### Task brief
Transcribe the entries below with complete accuracy, excluding the pictures.

### Material to process

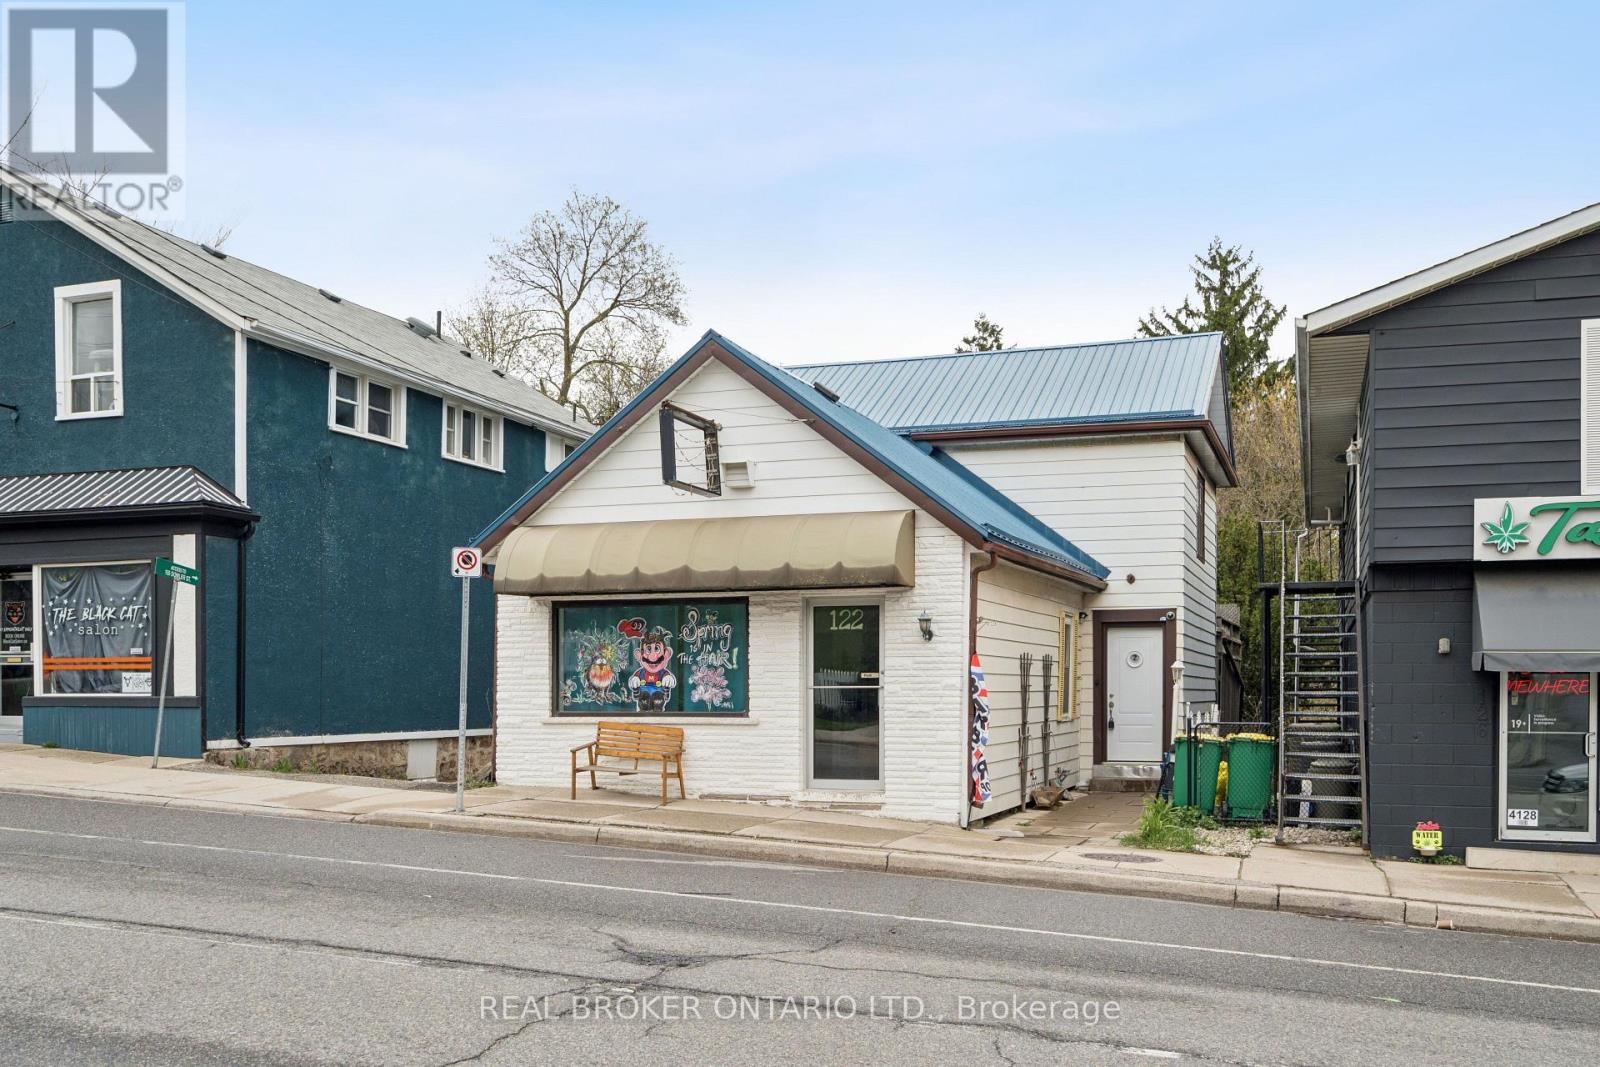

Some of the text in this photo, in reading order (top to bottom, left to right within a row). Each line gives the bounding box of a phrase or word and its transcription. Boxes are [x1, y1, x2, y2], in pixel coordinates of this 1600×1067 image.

[1529, 501, 1600, 556] Ta
[53, 605, 142, 624] THE BLACK CAT
[830, 609, 864, 630] 122
[79, 624, 119, 635] salon
[678, 607, 732, 651] Spring
[677, 653, 694, 664] THE
[1509, 810, 1536, 820] 4128

### Answer space
Some of the text in this photo, in reading order (top to bottom, left to right within a row). Each line gives the bounding box of a phrase or word and its transcription. Boxes are [x1, y1, x2, y2], in pixel coordinates of this 1600×1067 image.

[1529, 501, 1600, 556] Ta
[53, 605, 142, 624] THE BLACK CAT
[830, 609, 864, 630] 122
[79, 624, 119, 635] salon
[678, 607, 732, 651] Spring
[677, 653, 694, 664] THE
[1509, 810, 1536, 820] 4128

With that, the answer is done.